Given the spate of frequently contradictory reports about US-Israeli coordination or tension over a strike on Iran, it might be worth noting that in the more garrulous past, Ivri would occasionally speak with a certain quiet satisfaction about a treasured picture he kept hanging on the wall facing his desk in Washington. It features an enlarged black-and-white US satellite photograph of Osirak, taken a few days after the IAF raid had smashed the facility to pieces. And it bears a handwritten inscription that reads: ‘For Gen.

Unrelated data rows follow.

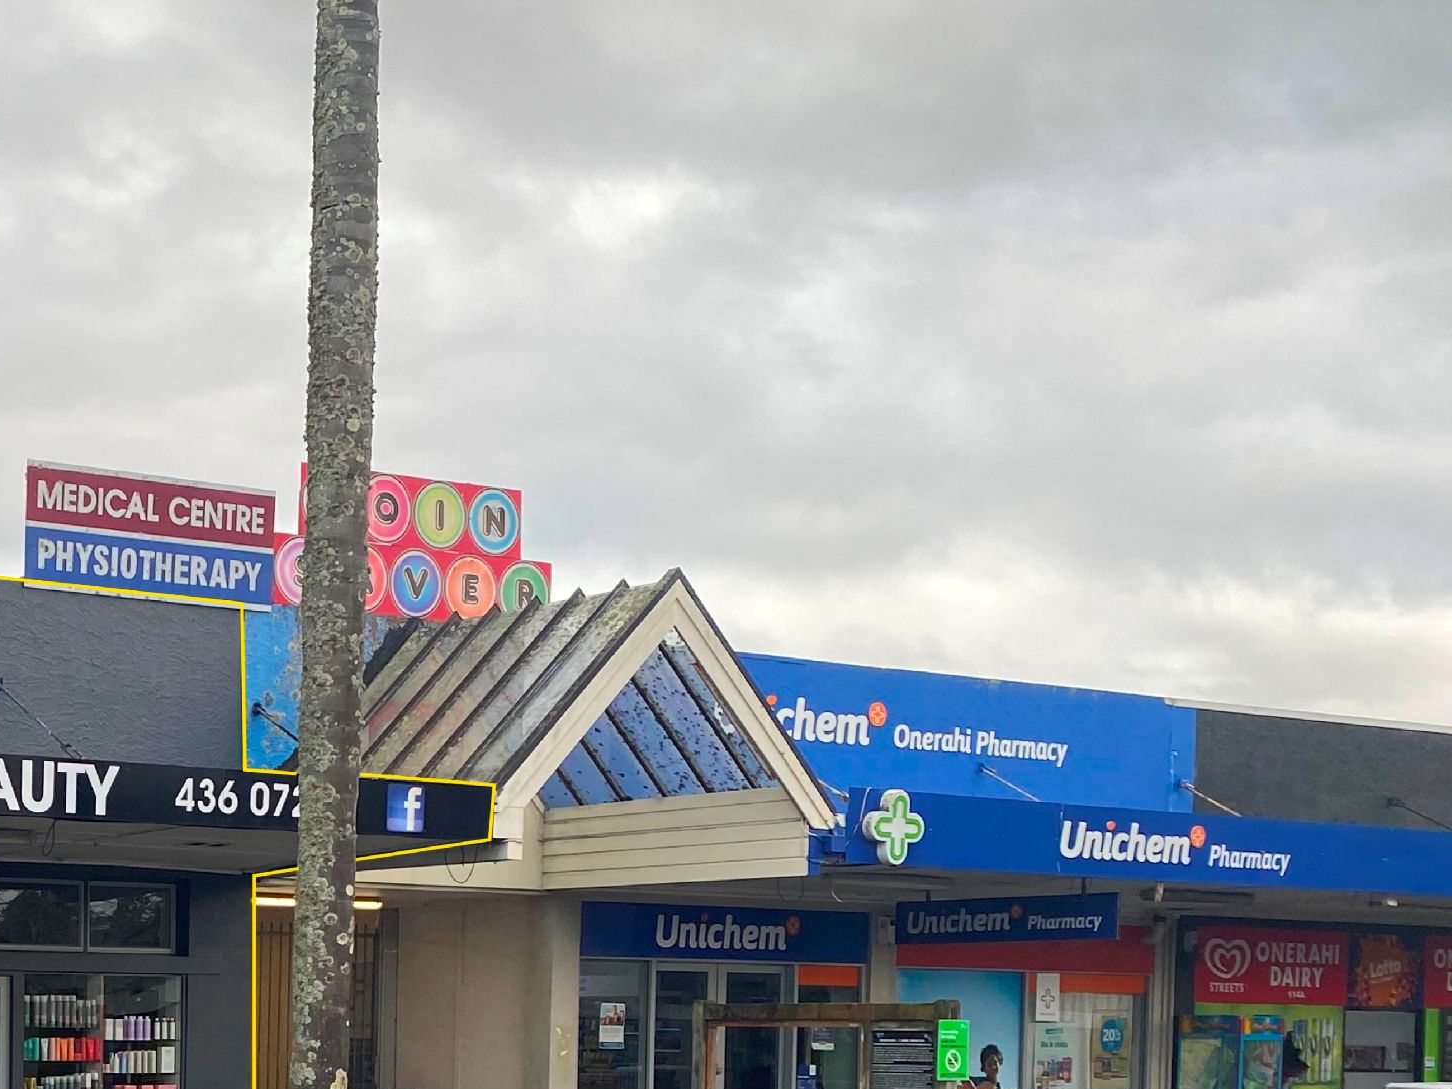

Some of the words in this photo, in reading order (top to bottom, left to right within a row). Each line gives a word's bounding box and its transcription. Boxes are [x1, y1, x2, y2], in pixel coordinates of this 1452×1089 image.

[36, 479, 159, 522] MEDICAL
[168, 496, 265, 535] CENTRE
[374, 492, 506, 538] OIN
[37, 537, 262, 591] PHYSIOTHERAPY
[767, 695, 870, 746] chem
[893, 723, 971, 754] Onerahi
[975, 730, 1069, 768] Pharmacy
[175, 777, 239, 816] 436
[1059, 819, 1191, 866] Unichem
[1207, 843, 1292, 877] Pharmacy
[655, 912, 788, 952] Unichem
[906, 907, 1011, 935] Unichem
[1027, 913, 1103, 933] Pharmacy
[1255, 941, 1340, 965] ONERAHI
[1370, 959, 1402, 978] Lotto
[1209, 982, 1245, 993] STREETS
[1269, 966, 1324, 988] DAIRY

David Ivri, with thanks and appreciation for the outstanding job he did on the Iraqi nuclear program in 1981 – which made our job much easier in Desert Storm.’ It is signed: Dick Cheney.
Such thanks, however profound, came belatedly. Although president Ronald Reagan reportedly responded to first news of Osirak’s destruction with a lighthearted ‘boys will be boys’ and later spoke admiringly of ‘a terrific piece of bombing,’ the US formally protested the raid and approved a condemnatory UN resolution which branded it a violation of international law.
Israel, of course, had chosen not to breathe a word to the Americans ahead of that attack.
(Raid on the Sun by Rodger W. Claire is published in paperback by Broadway books.)